The researchers were then able to introduce mutations that abolished CST-PP interactions to see what would happen. They observed two different outcomes in the yeast without CST and PP working properly together. In some mutants, the telomeres grew longer without DNA damage.

“Our data suggest that bringing in the CST-PP complex is a critical step in terminating telomerase activity,” said Dr. Lue. “Interestingly, we don’t just see the leading strand growing—complementary fill-in synthesis is still happening, so both strands are growing.” These mutants may have a minor defect and are not as efficient at stopping telomerase as wild-type proteins.

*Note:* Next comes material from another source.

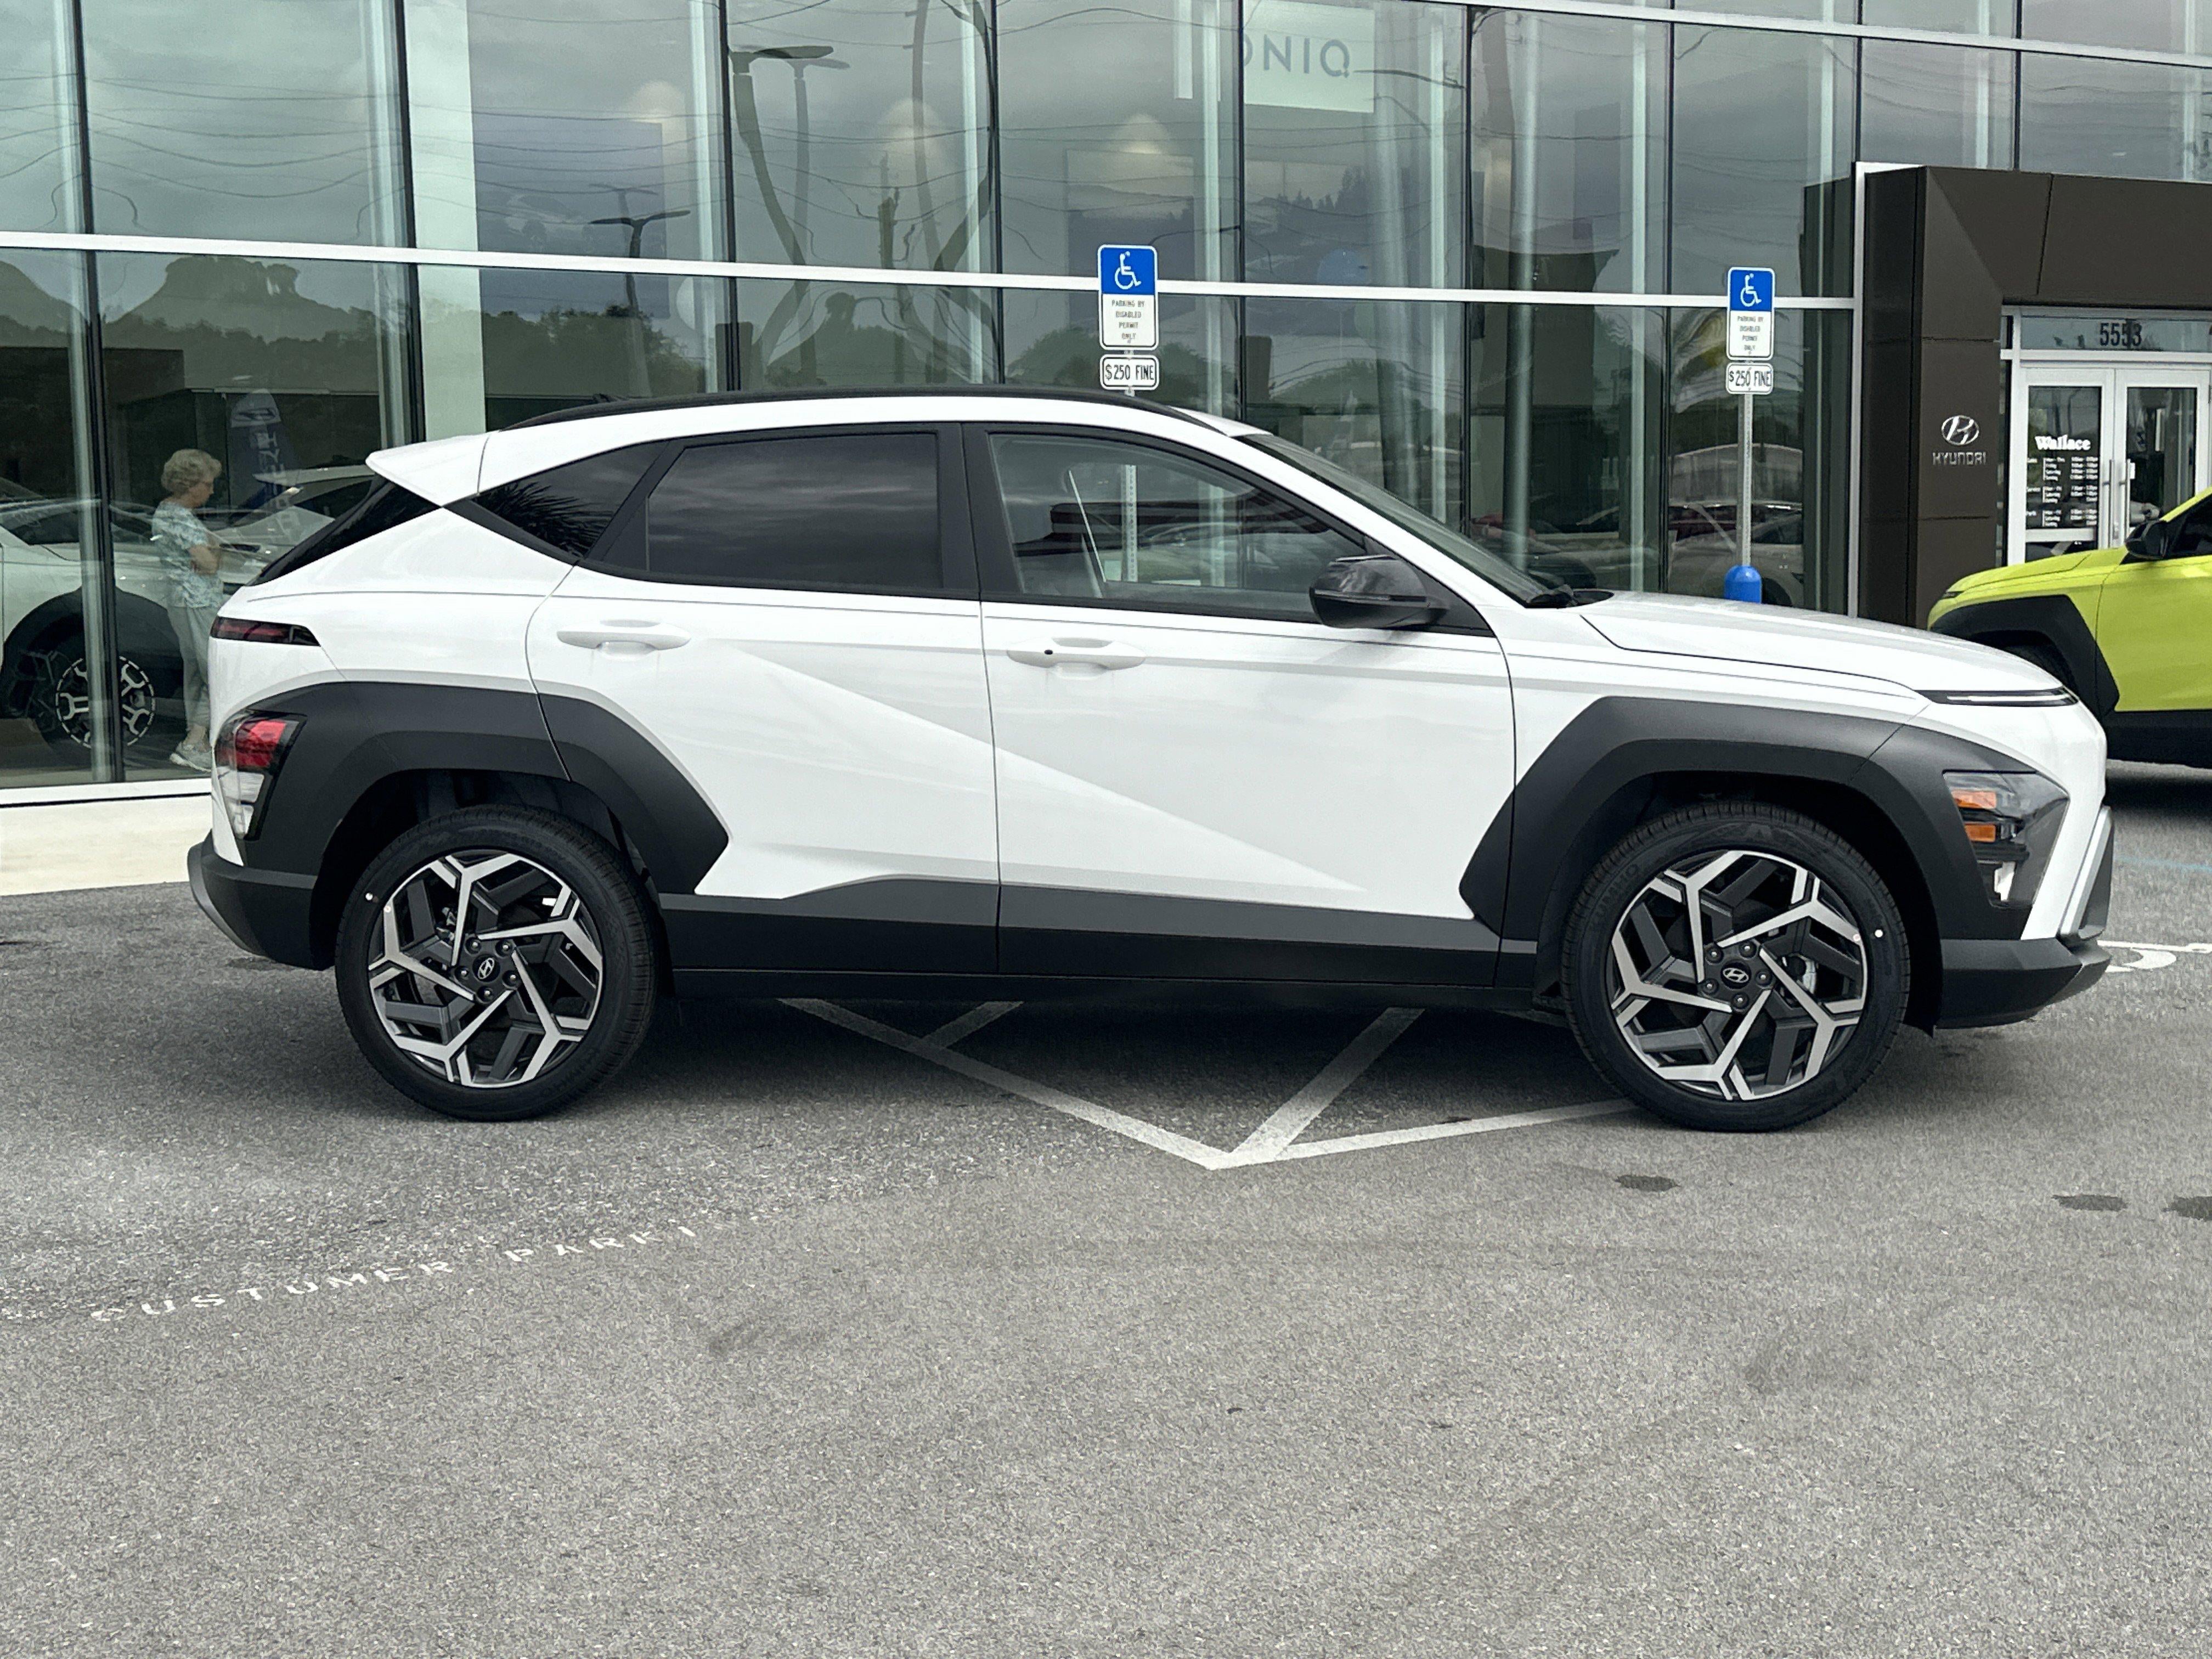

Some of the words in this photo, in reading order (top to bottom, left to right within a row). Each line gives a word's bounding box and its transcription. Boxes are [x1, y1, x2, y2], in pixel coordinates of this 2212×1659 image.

In other mutants, the cells grew slowly, and the telomeres experienced more severe consequences. Some telomeres were long while others were short, and they accumulated single-stranded DNA overhangs.

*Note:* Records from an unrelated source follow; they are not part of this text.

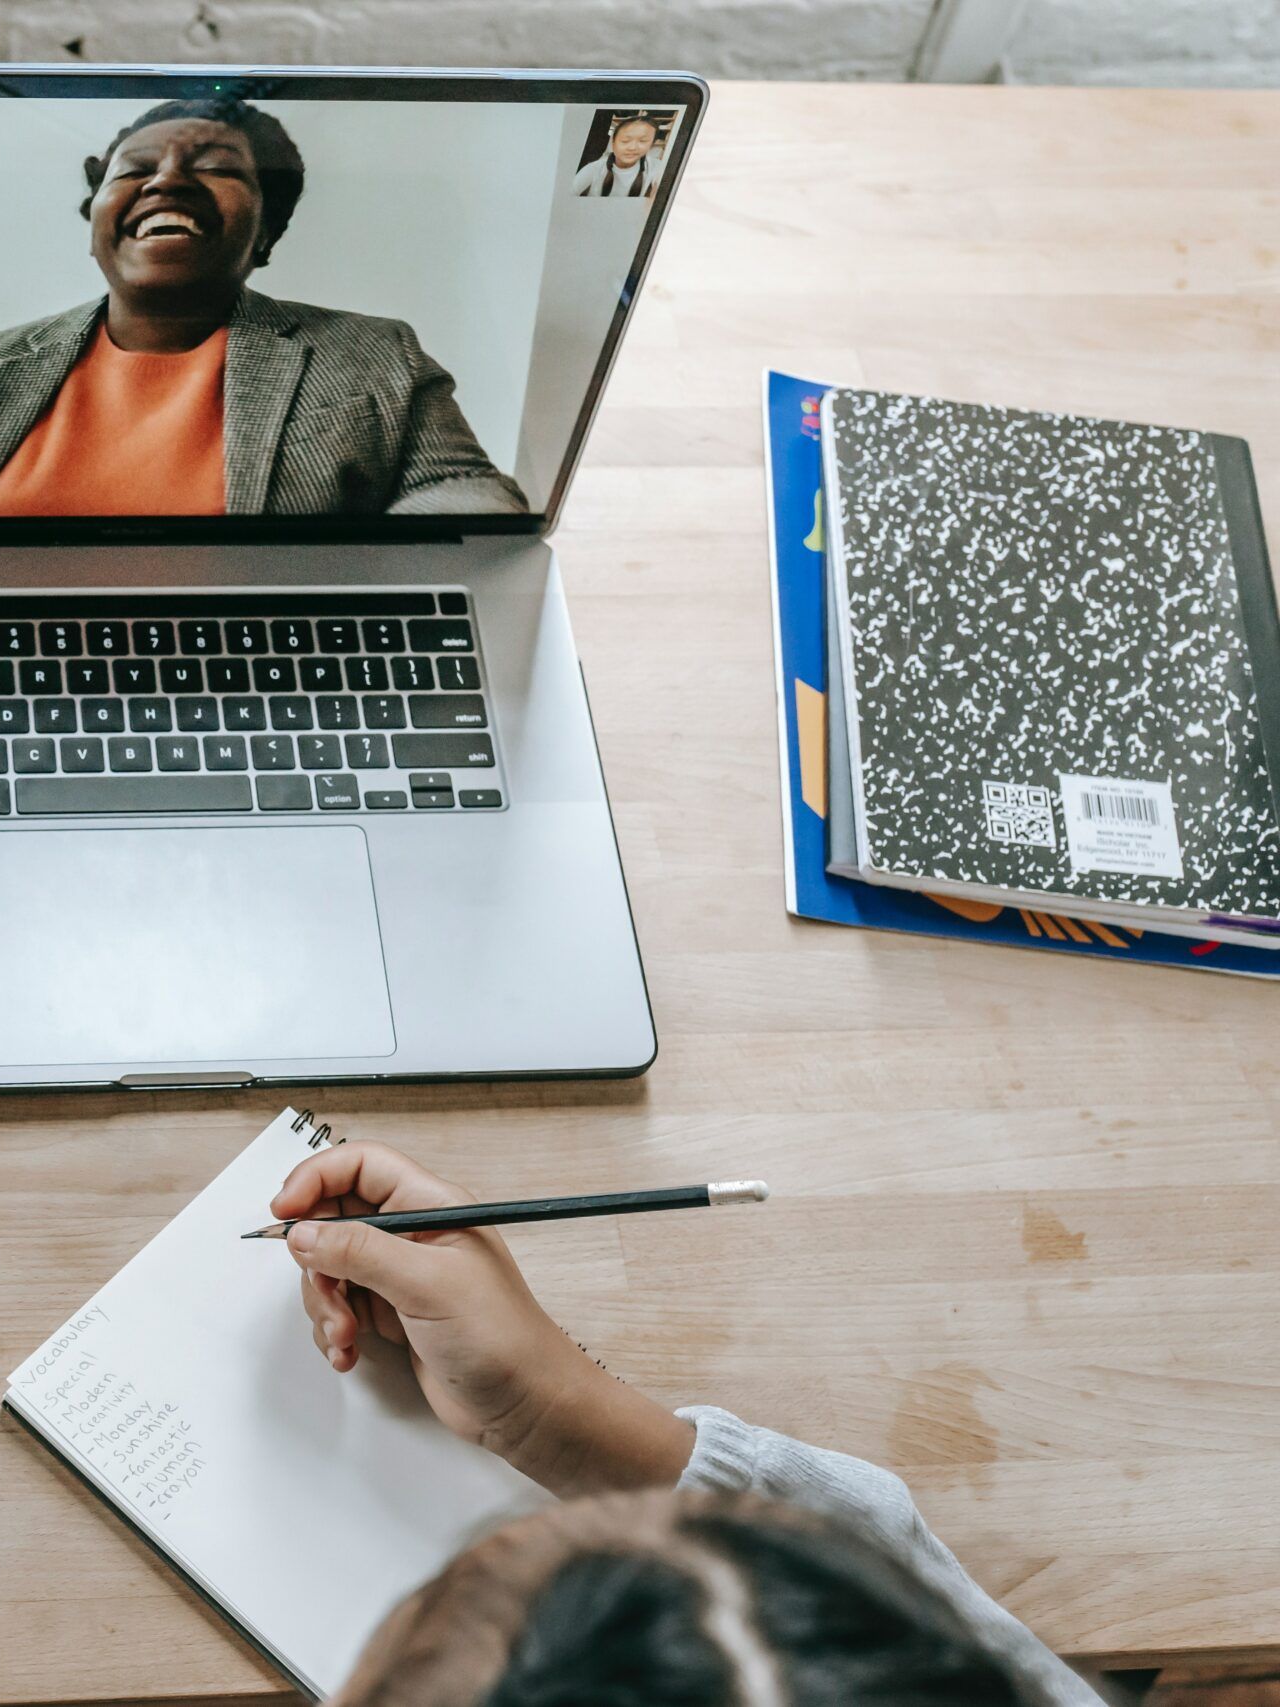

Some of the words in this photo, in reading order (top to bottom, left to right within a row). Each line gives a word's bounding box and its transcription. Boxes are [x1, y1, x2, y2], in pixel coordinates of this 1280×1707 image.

[9, 638, 20, 650] 4
[56, 637, 67, 650] 5
[102, 637, 114, 649] 6
[149, 636, 160, 649] 7
[196, 636, 206, 649] 8
[242, 636, 253, 648] 9
[288, 635, 299, 648] 0
[34, 670, 46, 683] R
[82, 669, 93, 682] T
[129, 669, 140, 682] Y
[175, 669, 188, 681] U
[225, 668, 232, 681] I
[268, 667, 281, 680] O
[315, 667, 326, 680] P
[1, 709, 14, 722] D
[50, 708, 60, 721] F
[97, 708, 109, 721] G
[144, 708, 157, 720] H
[193, 707, 203, 720] J
[239, 706, 251, 719] K
[286, 706, 297, 719] L
[29, 748, 40, 761] C
[76, 748, 88, 760] V
[125, 747, 136, 760] B
[172, 747, 185, 759] N
[219, 746, 232, 758] M
[468, 752, 489, 762] shift
[323, 794, 352, 805] option

“We don’t think the loss of fill-in synthesis activity is the only reason for the telomere abnormalities,” Dr. Lue explained. “We think that when you disrupt the CST-PP complex, as with these mutants, the telomeres become accessible to DNA repair factors, which causes many different problems with the telomeres.”

Dr. Yu agreed and added, “Our study provided the first in vivo evidence that PP is not only making DNA at telomeres, but also protecting them.”

Potential therapeutic target

The new insights could help researchers better understand telomere biology disorders, such as Coats plus syndrome, in which patients age prematurely and have some eye and bone damage. In normal cells, telomeres shorten as people age because replication does not proceed efficiently near the ends of the chromosomes. However, Coats plus patients have shorter telomeres than expected for their ages, and some of these patients harbor mutations in CST, which Dr. Lue surmises could disrupt the CST-PP interaction.

“Mutations that upregulate telomerase activity are common in all types of cancers,” said Dr. Lue. “In order for cancer cells to proliferate indefinitely, they need to activate telomerase to lengthen short telomeres.”

Thus, altering CST protein activity with drugs could inhibit cancer cell growth by changing the lengths or protection status of telomeres. Targeting CST proteins could also help patients overcome resistance to some cancer medications.